Um... TALK TO THE PARENTS OF THE OTHER KIDS!


CullenLover
by on Nov. 20, 2009 at 9:26 AM

call the cops. its harrasment in your own yard. and tell the cops to either talk to the neighbors about watching they're kids or  the next step is a restraining order. sounds harsh but you and your family deserve to be able to play on your property, and i agree. next step is a fence.

honeybee429
by on Nov. 20, 2009 at 9:26 AM

Betty tells me, "Why don't you stop being such a bitch Jessica and shut the hell up. And keep your stupid idiot kids away from my yard."


an 11 yr old said that to you!? holy hell.

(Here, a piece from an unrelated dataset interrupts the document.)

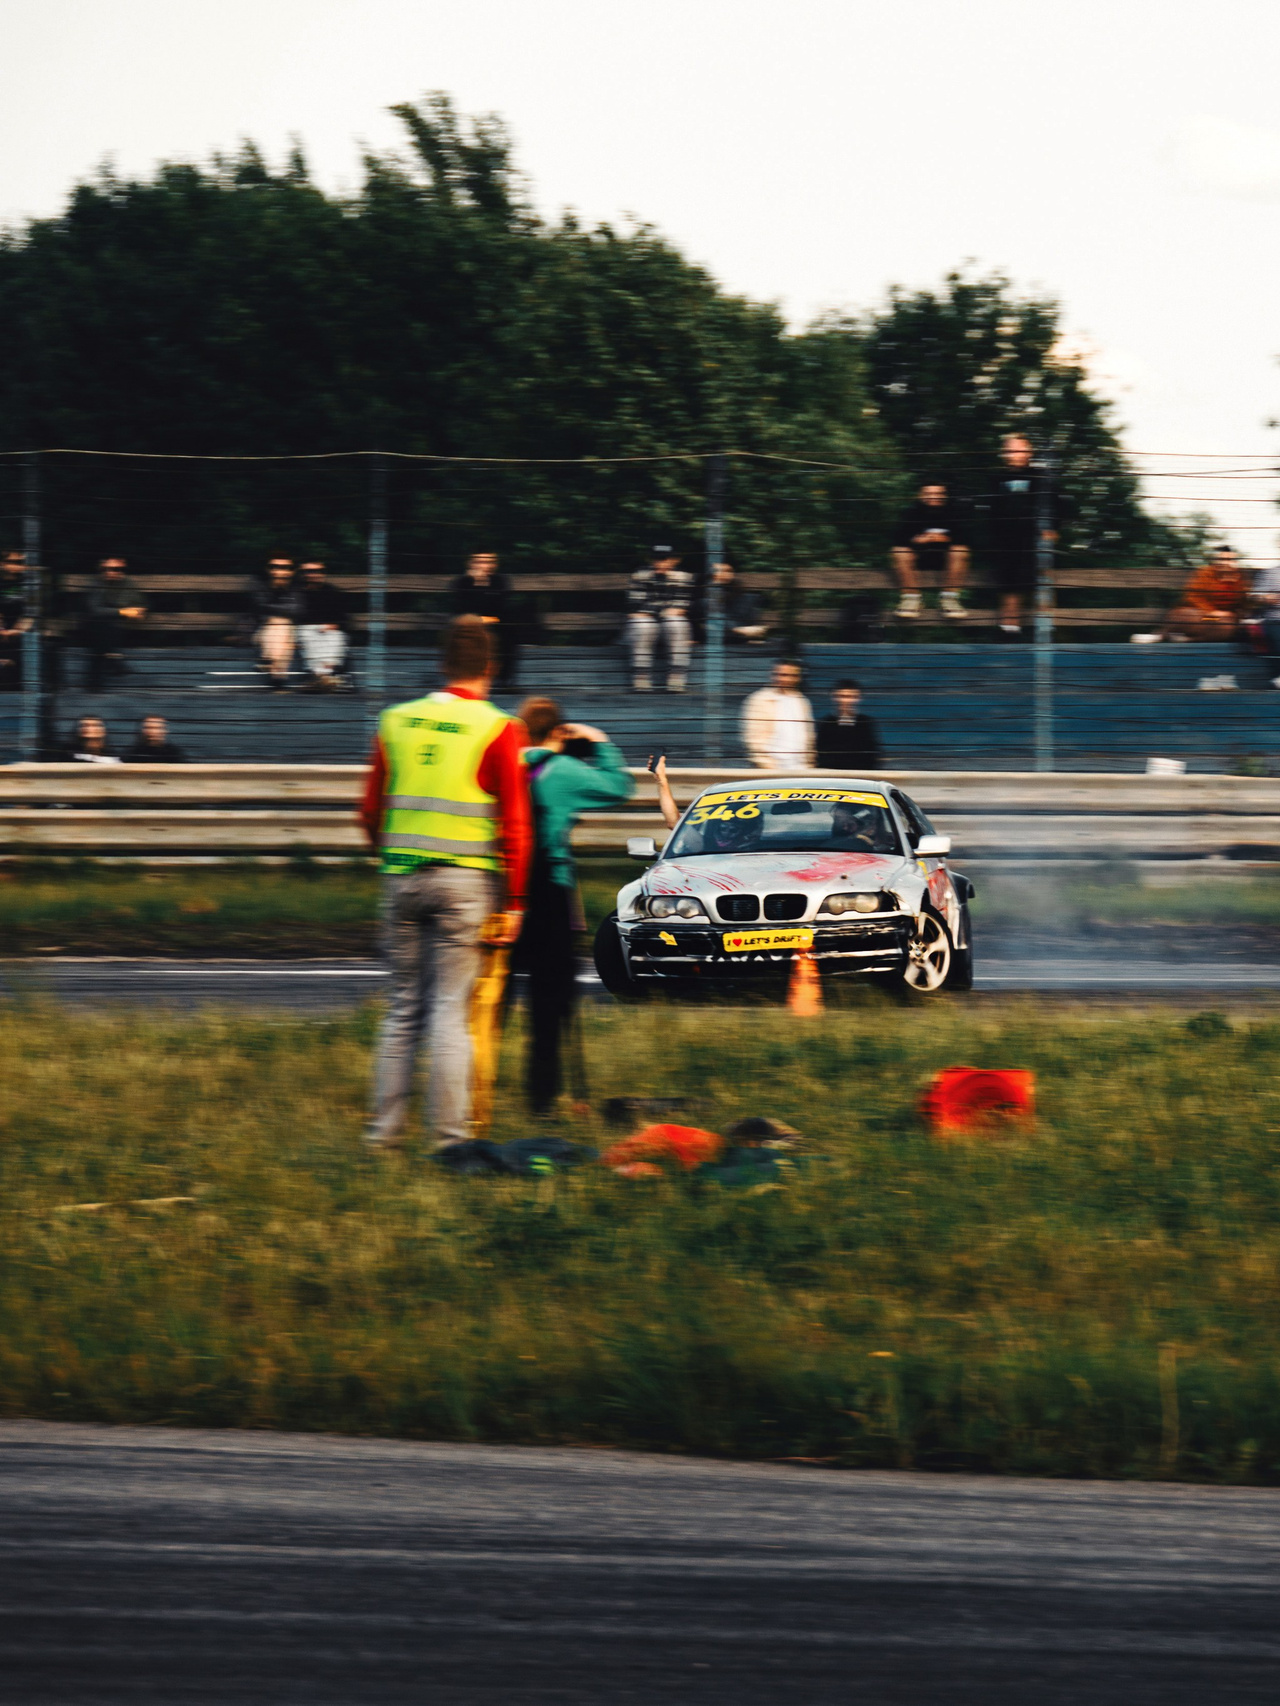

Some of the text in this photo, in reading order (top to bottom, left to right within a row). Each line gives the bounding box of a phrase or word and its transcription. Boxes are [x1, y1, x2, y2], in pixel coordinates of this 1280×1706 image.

Im glad she didn't grow up in the neighborhood i grew up in. if i said that to a neighbor, they would have slapped the shit out of me and my mom would have thanked them.

i swear. kids have lost their minds.

but the bullying will never stop. i say find your kids new friends. closer in age.

bupkie
by on Nov. 20, 2009 at 9:33 AM

 Oh, wait,    Get a nice big bag of these, and put them in a pretty package, all wrapped up, (But take them out of the box, and put them in a decorative canister.... and leave it on their doorstep (when nobody is home).   And say its from a secret admirer... 

Jelly Belly Bean Boozled Candy, 1.6-Ounce Boxes (Pack of 48)

Jelly Belly BeanBoozled Jelly Beans Packs: 24CT Display 

Yeah, that's what I'd do..... heee heee heee...   (Shhhh! Snicker!!!!  I'm such a joker!)  

Bupkie.....

*** My philosophy on sharing info is that it's just free info (not advice) so please take it or leave it. If it fits great! If not, leave it on the ground and dance on it for fun!!! :) ***dancing

lanceandhailey
by Silver Member on Nov. 20, 2009 at 9:34 AM

First off talk to the parents! If that doesn't help, get the police to come out and confront the kids and thier parents about how this is verbal abuse, harassment and stalking. Next step, use your tax refund and put up a 6ft wooden fence in your backyard!